Material for the task ::
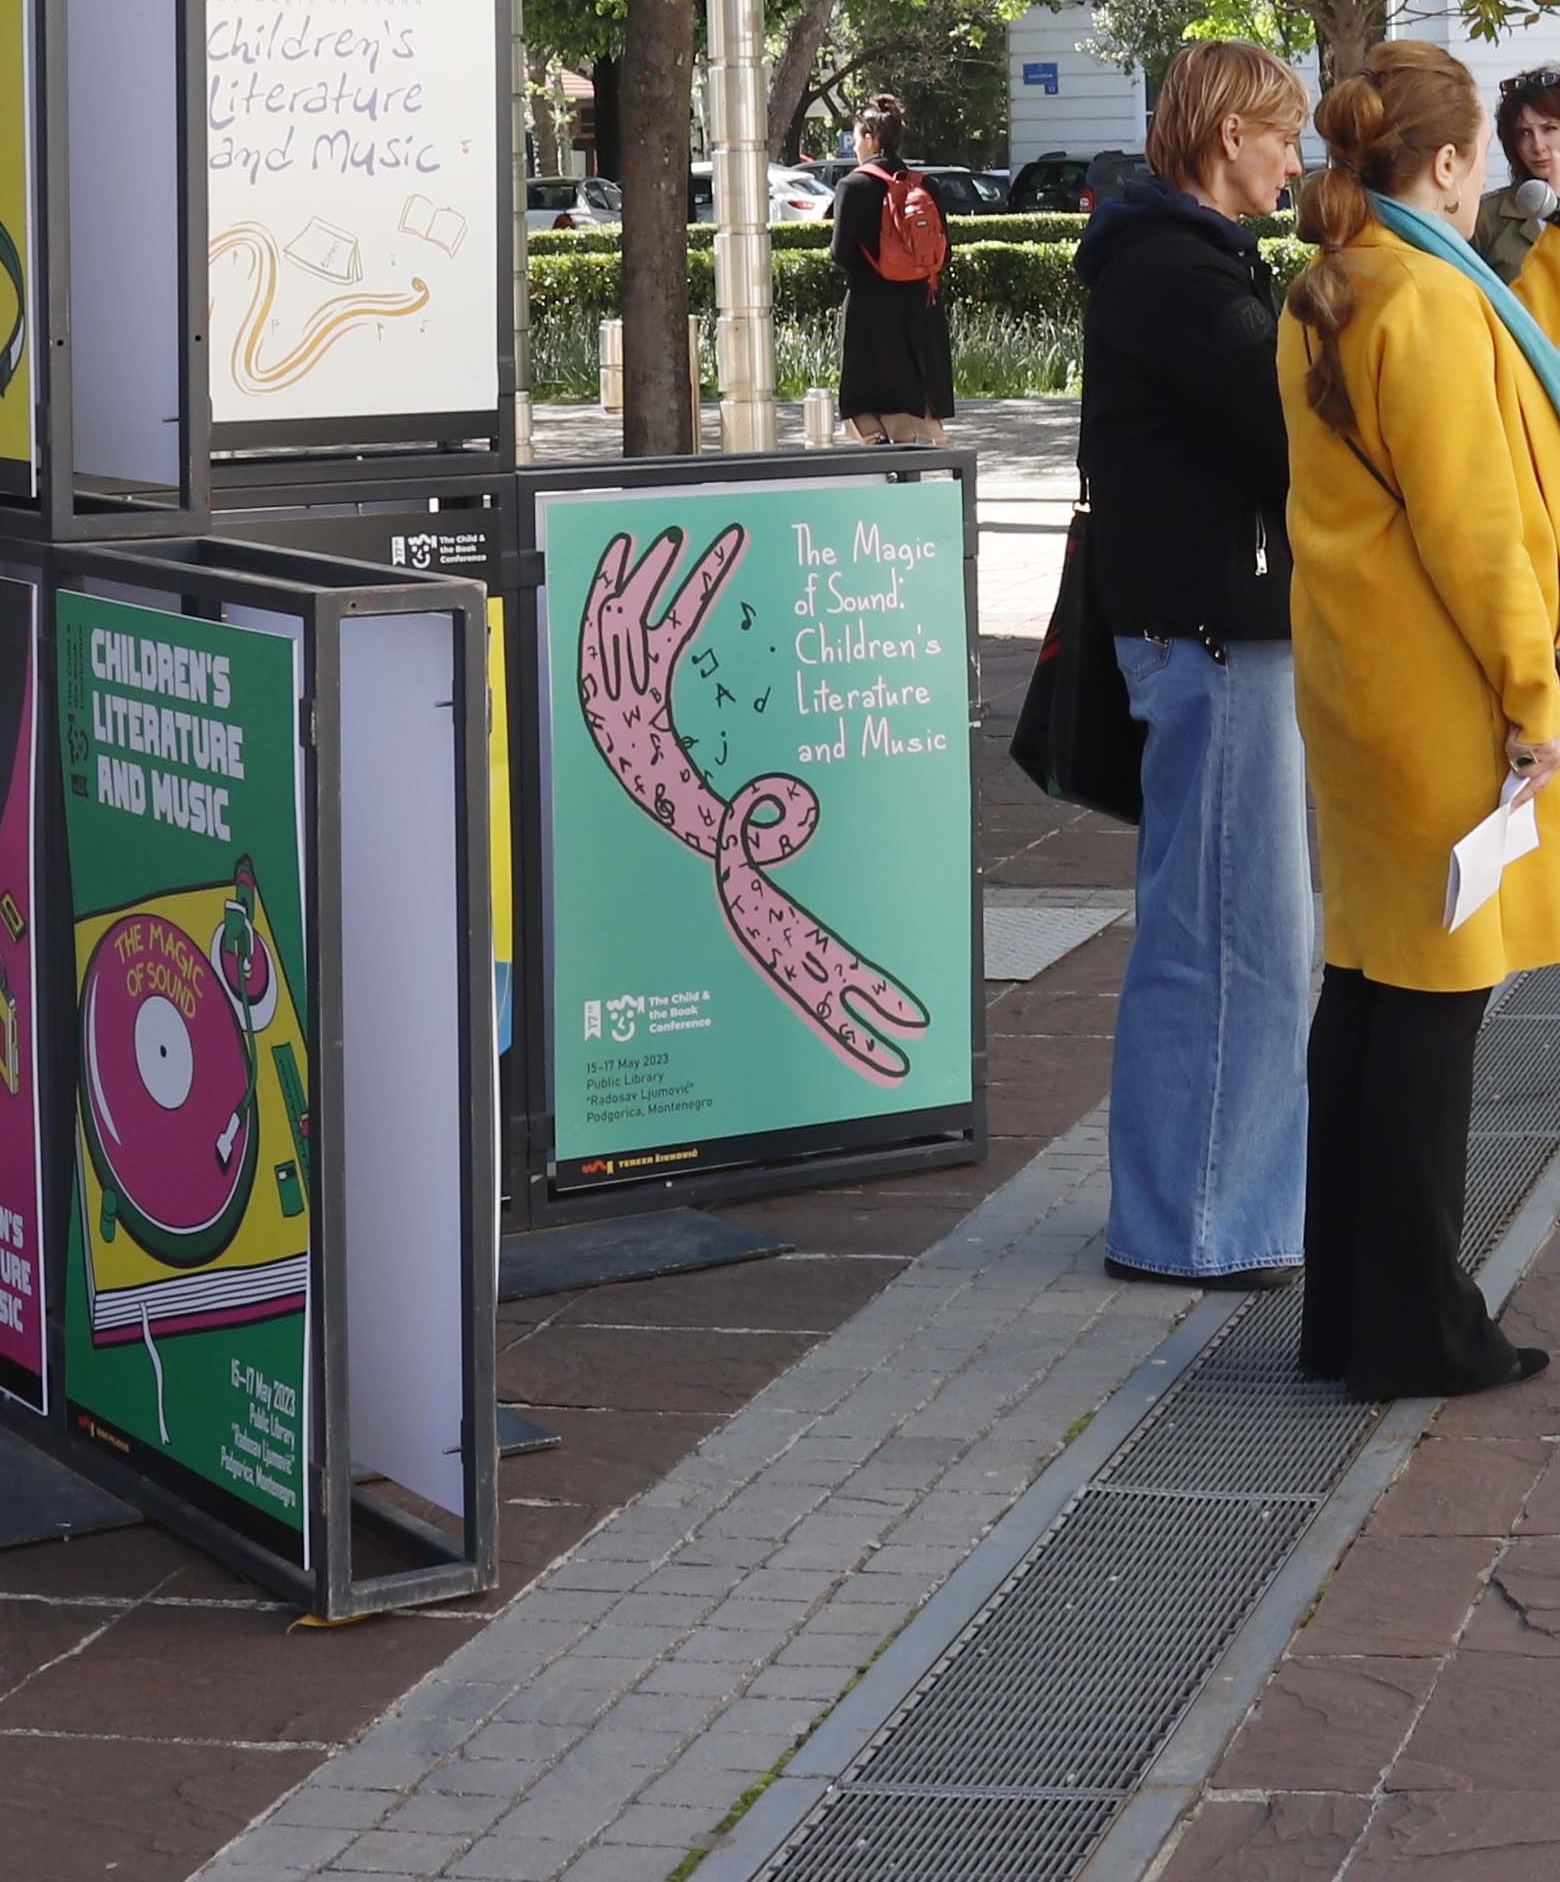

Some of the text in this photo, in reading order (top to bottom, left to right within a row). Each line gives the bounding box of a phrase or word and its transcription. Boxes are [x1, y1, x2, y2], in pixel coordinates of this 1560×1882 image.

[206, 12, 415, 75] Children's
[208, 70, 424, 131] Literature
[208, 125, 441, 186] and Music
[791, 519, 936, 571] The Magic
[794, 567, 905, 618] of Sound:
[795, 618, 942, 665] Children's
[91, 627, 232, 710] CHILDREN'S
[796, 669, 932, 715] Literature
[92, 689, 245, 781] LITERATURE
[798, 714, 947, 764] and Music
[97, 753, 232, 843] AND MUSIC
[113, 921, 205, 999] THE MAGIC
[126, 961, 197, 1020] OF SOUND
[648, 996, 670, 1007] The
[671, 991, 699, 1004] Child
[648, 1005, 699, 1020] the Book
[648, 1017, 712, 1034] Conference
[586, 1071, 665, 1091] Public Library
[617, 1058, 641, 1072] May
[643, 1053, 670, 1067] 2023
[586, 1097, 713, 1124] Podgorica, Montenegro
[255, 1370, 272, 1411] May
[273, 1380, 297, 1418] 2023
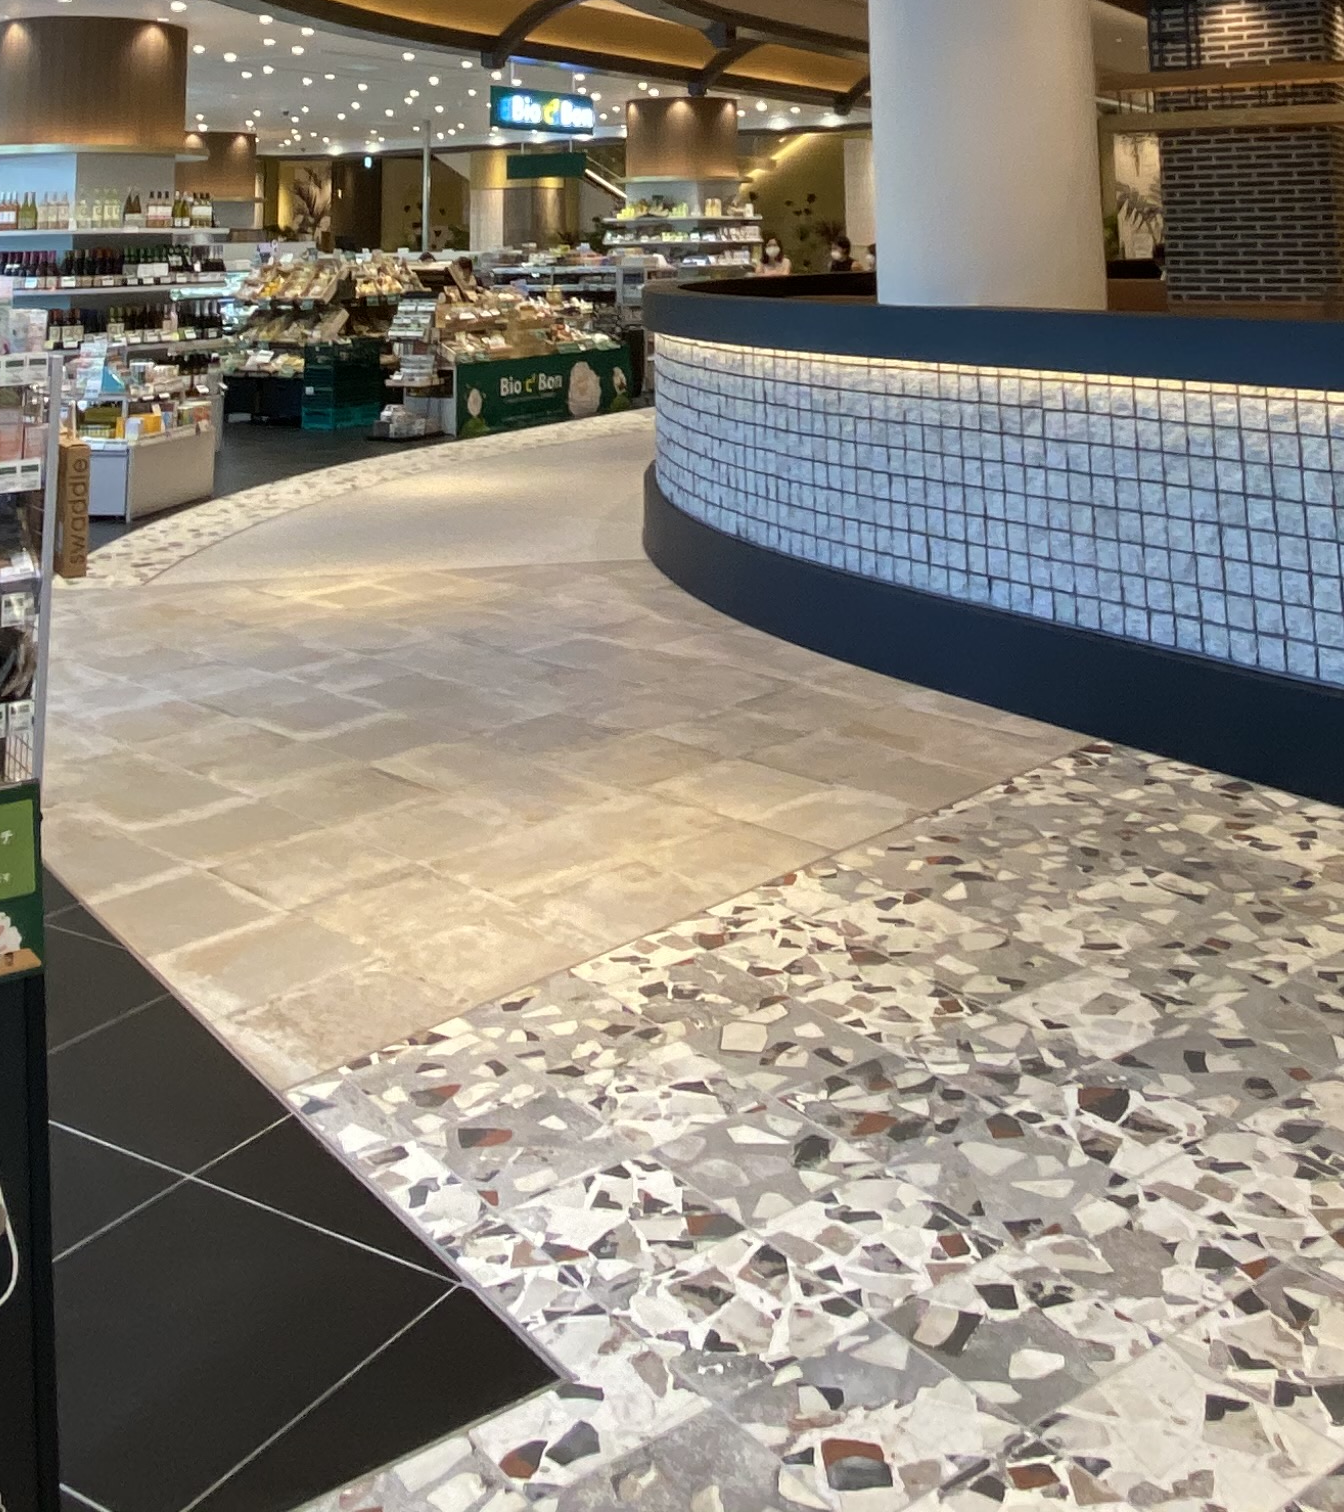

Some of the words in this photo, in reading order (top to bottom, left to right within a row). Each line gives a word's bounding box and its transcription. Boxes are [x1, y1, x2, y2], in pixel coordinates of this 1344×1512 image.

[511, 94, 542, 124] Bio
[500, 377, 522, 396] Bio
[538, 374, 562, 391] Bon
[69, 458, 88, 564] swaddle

Activity ::
Could you reproduce every record above exactly, leaving out the pictures?

Answer area ::
Some of the text in this photo, in reading order (top to bottom, left to right within a row). Each line gives the bounding box of a phrase or word and its transcription. Boxes are [x1, y1, x2, y2], in pixel coordinates of this 1560×1882 image.

[206, 12, 415, 75] Children's
[208, 70, 424, 131] Literature
[208, 125, 441, 186] and Music
[791, 519, 936, 571] The Magic
[794, 567, 905, 618] of Sound:
[795, 618, 942, 665] Children's
[91, 627, 232, 710] CHILDREN'S
[796, 669, 932, 715] Literature
[92, 689, 245, 781] LITERATURE
[798, 714, 947, 764] and Music
[97, 753, 232, 843] AND MUSIC
[113, 921, 205, 999] THE MAGIC
[126, 961, 197, 1020] OF SOUND
[648, 996, 670, 1007] The
[671, 991, 699, 1004] Child
[648, 1005, 699, 1020] the Book
[648, 1017, 712, 1034] Conference
[586, 1071, 665, 1091] Public Library
[617, 1058, 641, 1072] May
[643, 1053, 670, 1067] 2023
[586, 1097, 713, 1124] Podgorica, Montenegro
[255, 1370, 272, 1411] May
[273, 1380, 297, 1418] 2023

Some of the words in this photo, in reading order (top to bottom, left to right within a row). Each line gives a word's bounding box and its transcription. Boxes are [x1, y1, x2, y2], in pixel coordinates of this 1344×1512 image.

[511, 94, 542, 124] Bio
[500, 377, 522, 396] Bio
[538, 374, 562, 391] Bon
[69, 458, 88, 564] swaddle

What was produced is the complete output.